→ BRIEF: Print the data exactly as written, line for line, and leave its pictures behind.

→ Images for object localization:

______

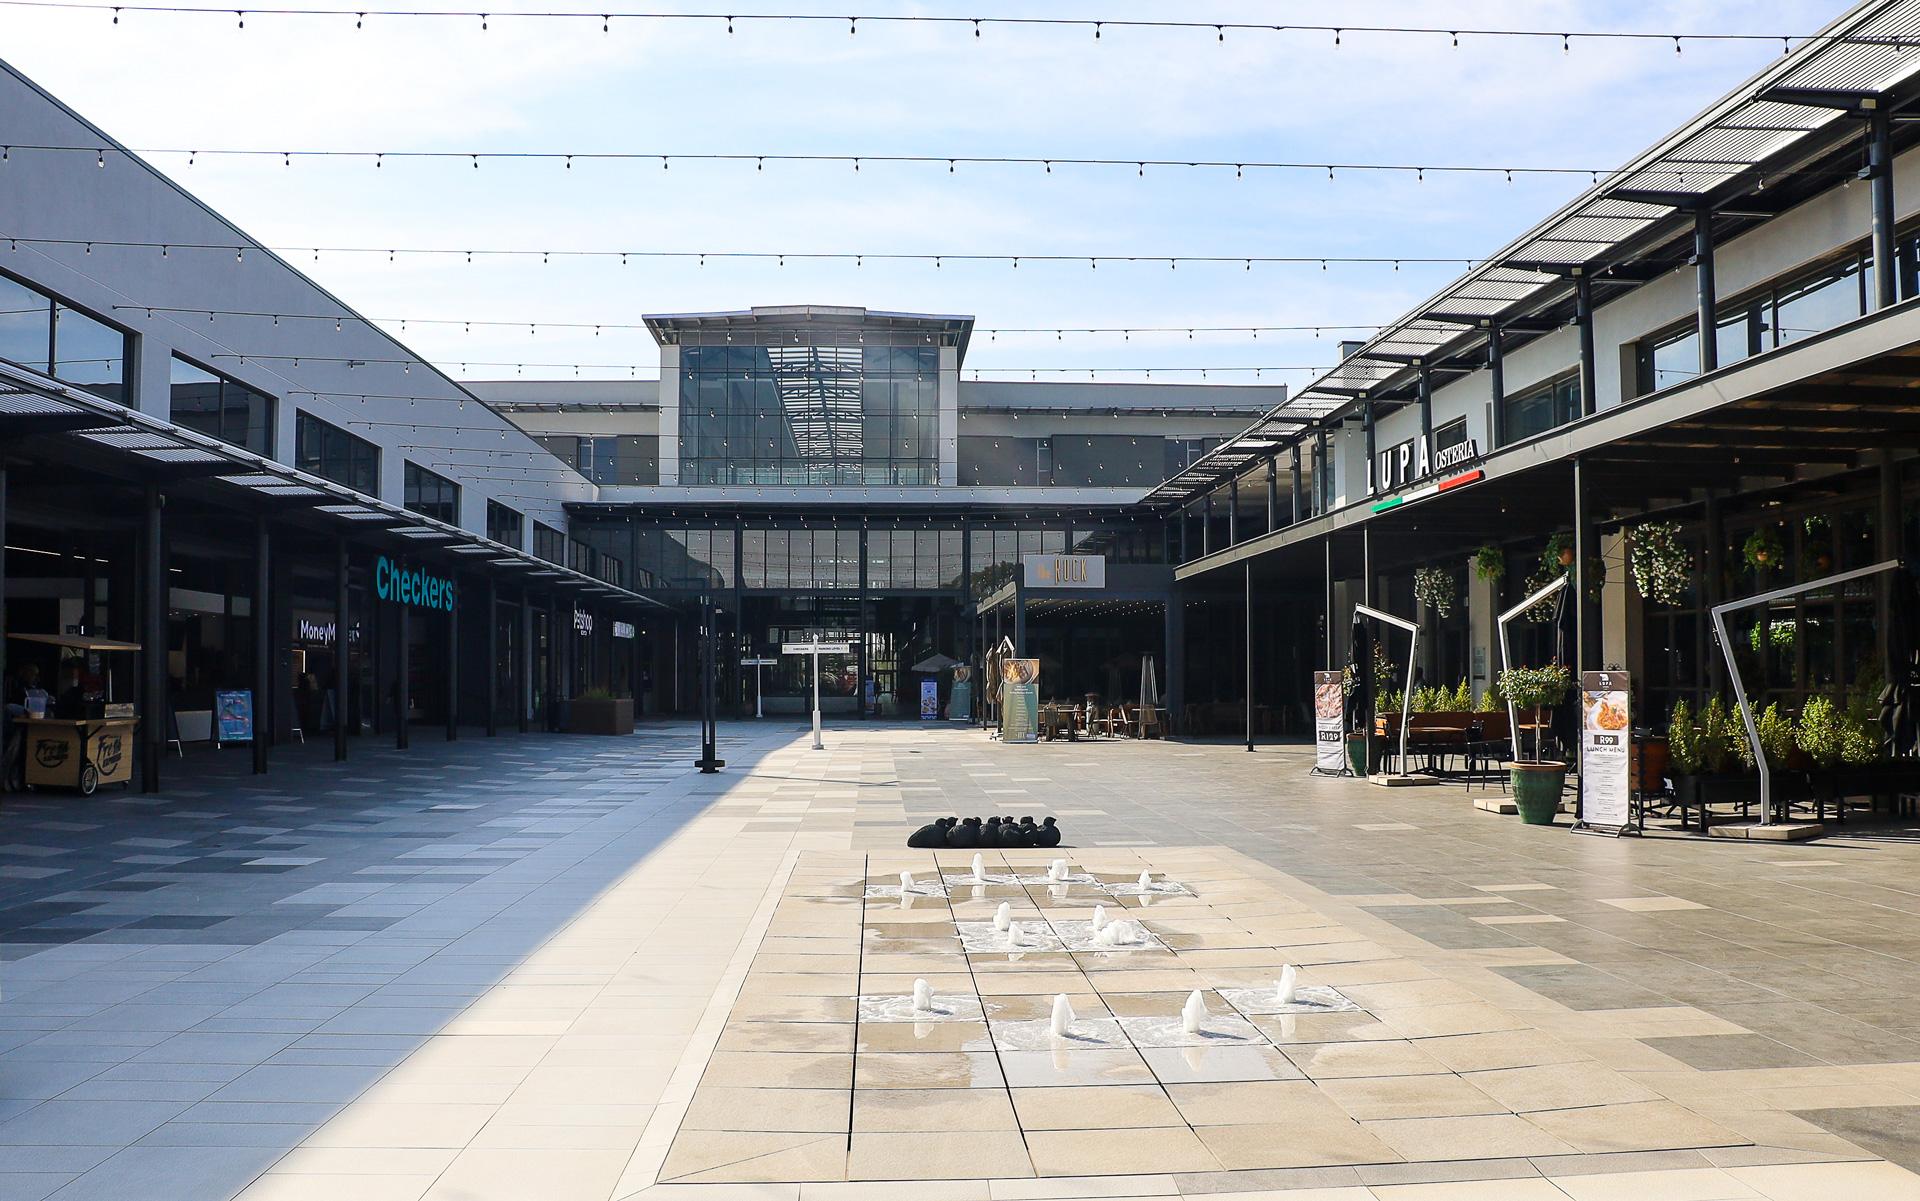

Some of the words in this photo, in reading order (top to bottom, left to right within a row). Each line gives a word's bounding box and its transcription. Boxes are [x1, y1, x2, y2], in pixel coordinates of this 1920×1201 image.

[1366, 434, 1430, 496] LUPA
[1434, 437, 1475, 470] OSTERIA
[376, 555, 453, 612] Checkers
[1055, 558, 1087, 584] ROCK
[1320, 731, 1339, 741] R129
[1599, 735, 1614, 745] R99
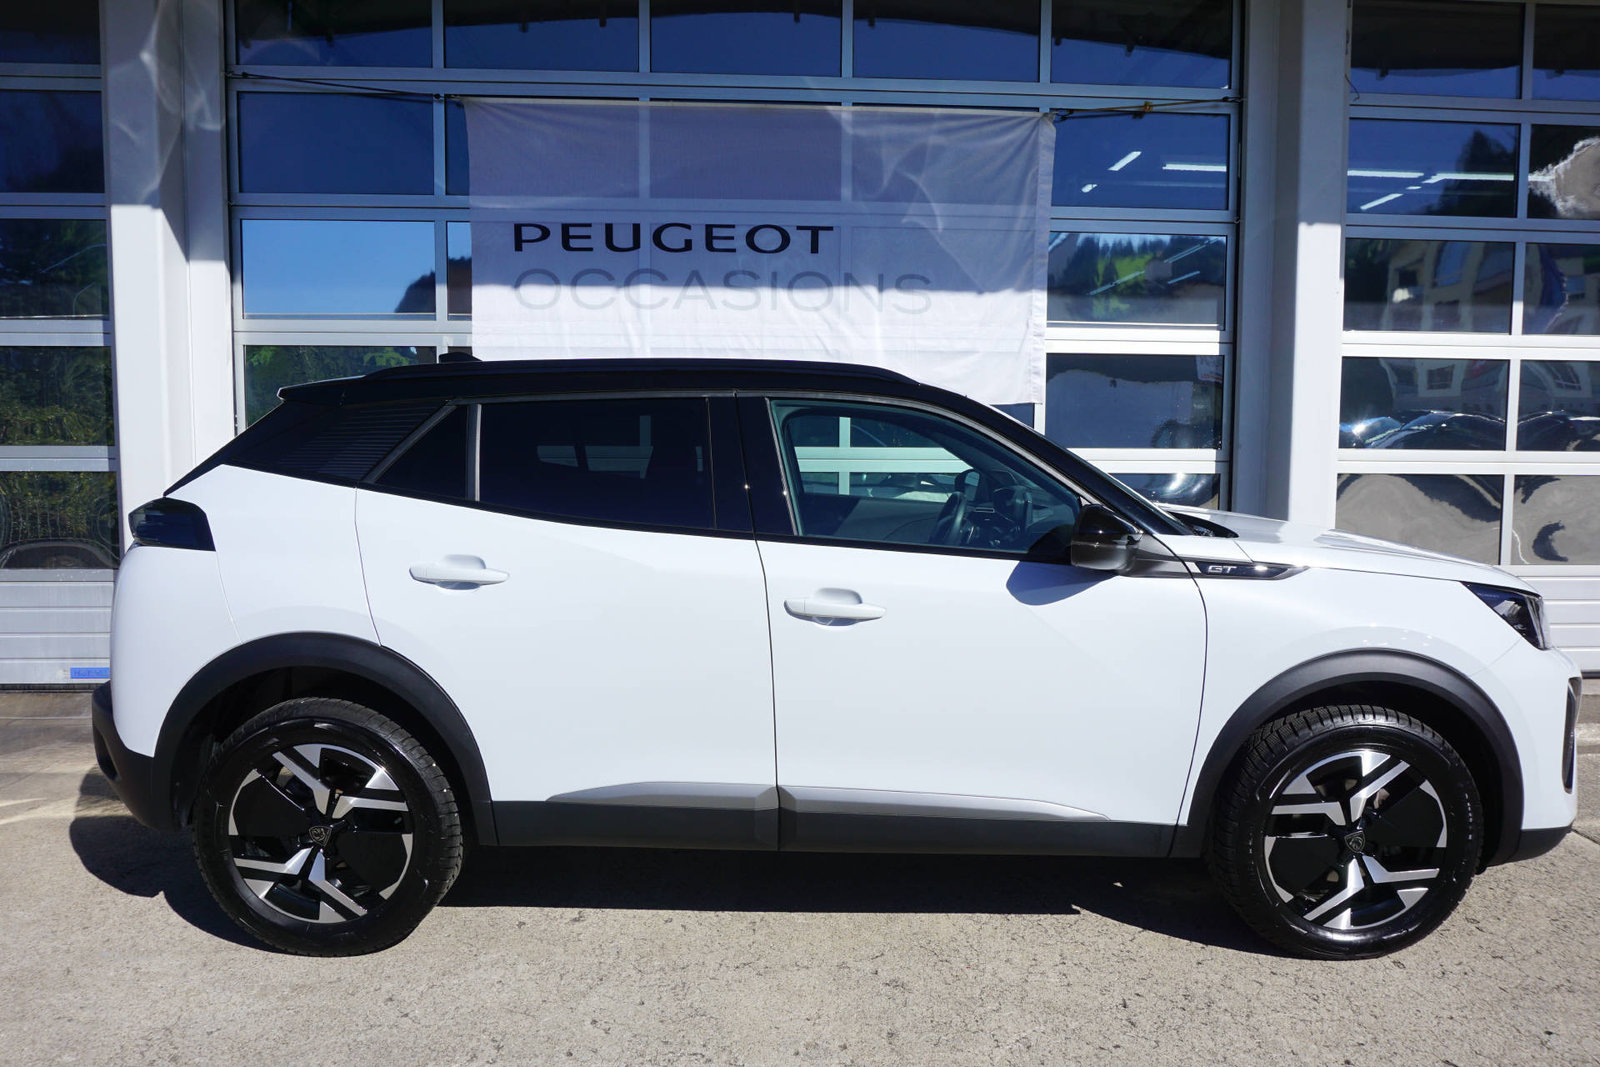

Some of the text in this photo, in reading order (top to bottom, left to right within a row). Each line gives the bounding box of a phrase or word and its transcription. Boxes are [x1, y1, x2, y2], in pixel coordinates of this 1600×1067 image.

[513, 222, 834, 254] PEUGEOT
[514, 267, 932, 315] OCCASIONS
[1208, 565, 1237, 573] GT
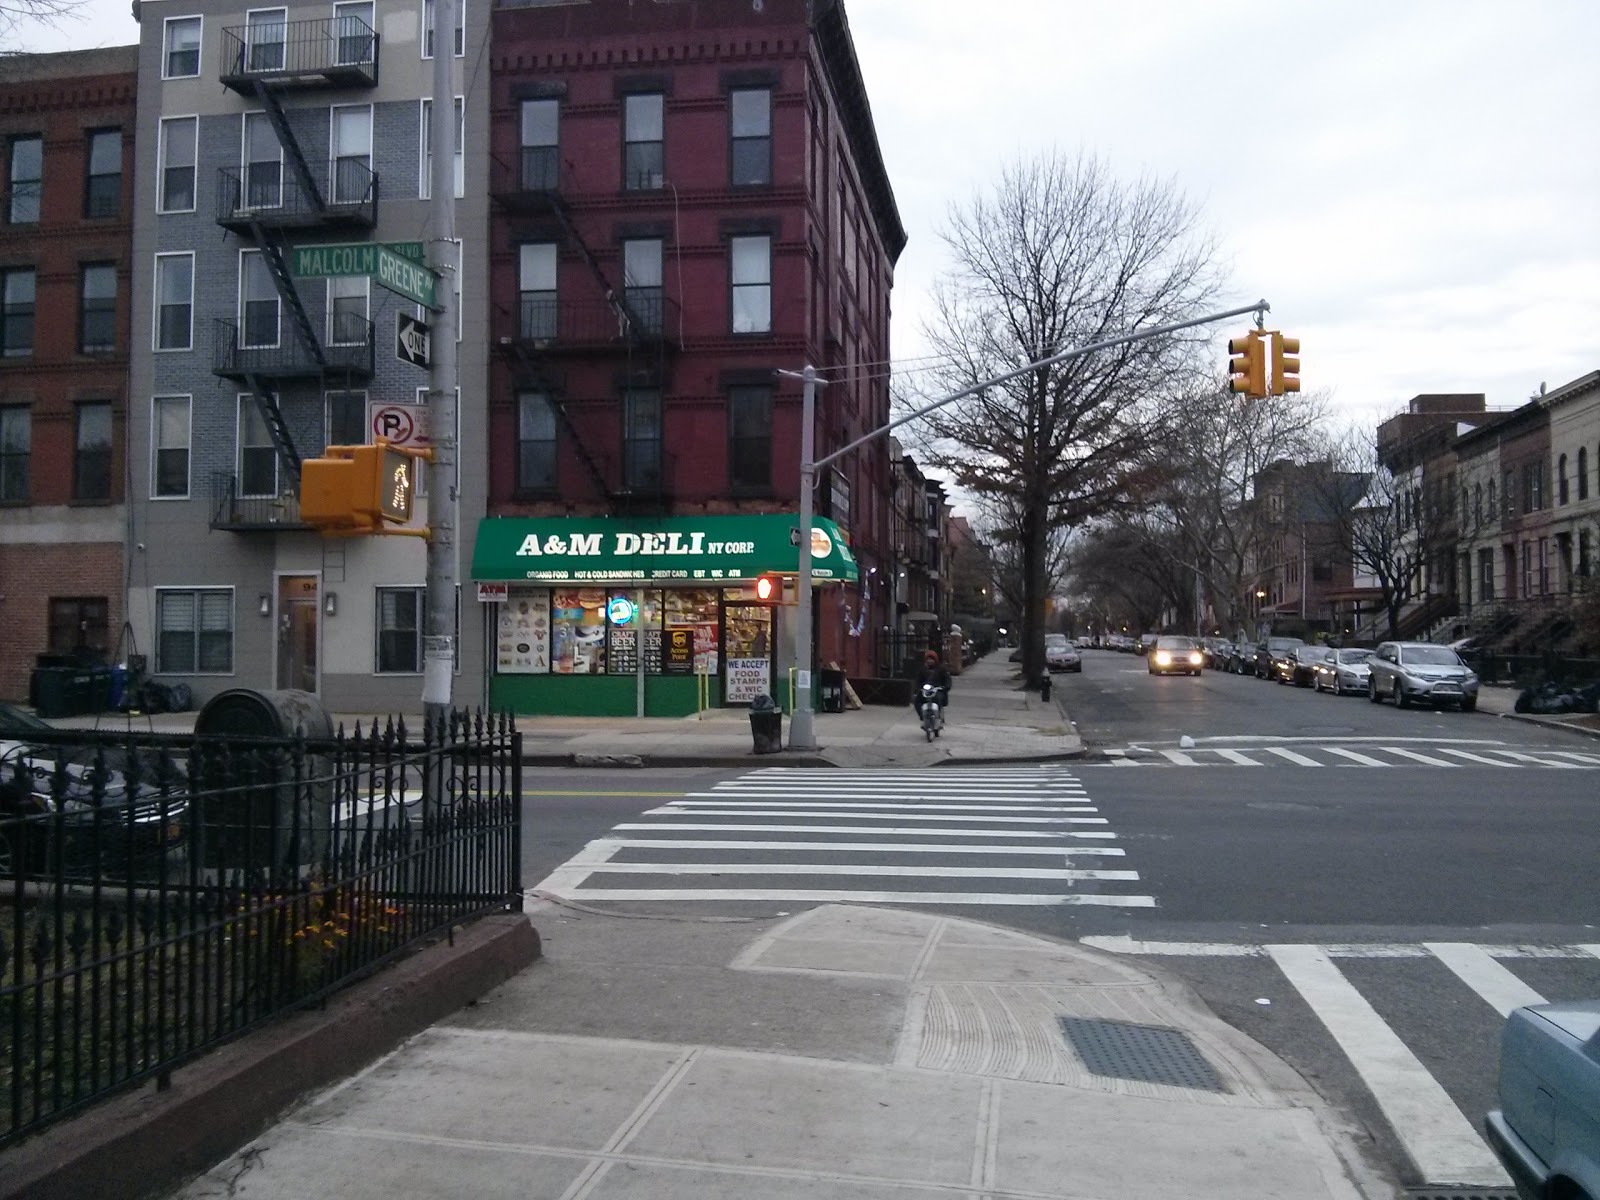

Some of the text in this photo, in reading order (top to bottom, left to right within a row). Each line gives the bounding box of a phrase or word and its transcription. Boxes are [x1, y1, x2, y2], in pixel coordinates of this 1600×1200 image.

______

→ OUTPUT OF THE TASK:
Some of the words in this photo, in reading order (top to bottom, left to right within a row). Each line gives a word's bounding box and its transcription. Boxes are [x1, y1, x2, y2], in pixel coordinates of this 1920×1201 image.

[1366, 434, 1430, 496] LUPA
[1434, 437, 1475, 470] OSTERIA
[376, 555, 453, 612] Checkers
[1055, 558, 1087, 584] ROCK
[1320, 731, 1339, 741] R129
[1599, 735, 1614, 745] R99

Some of the text in this photo, in reading order (top to bottom, left to right within a row). Each line gives the bounding box of a phrase or word and its transcription. Boxes are [x1, y1, x2, y2], in pixel coordinates of this 1600×1067 image.

[513, 222, 834, 254] PEUGEOT
[514, 267, 932, 315] OCCASIONS
[1208, 565, 1237, 573] GT

Some of the text in this photo, in reading order (top to bottom, left to right within a row). Each line gives the bounding box of a phrase or word and its transcription. Boxes are [x1, y1, x2, y2], in pixel coordinates of this 1600×1200 image.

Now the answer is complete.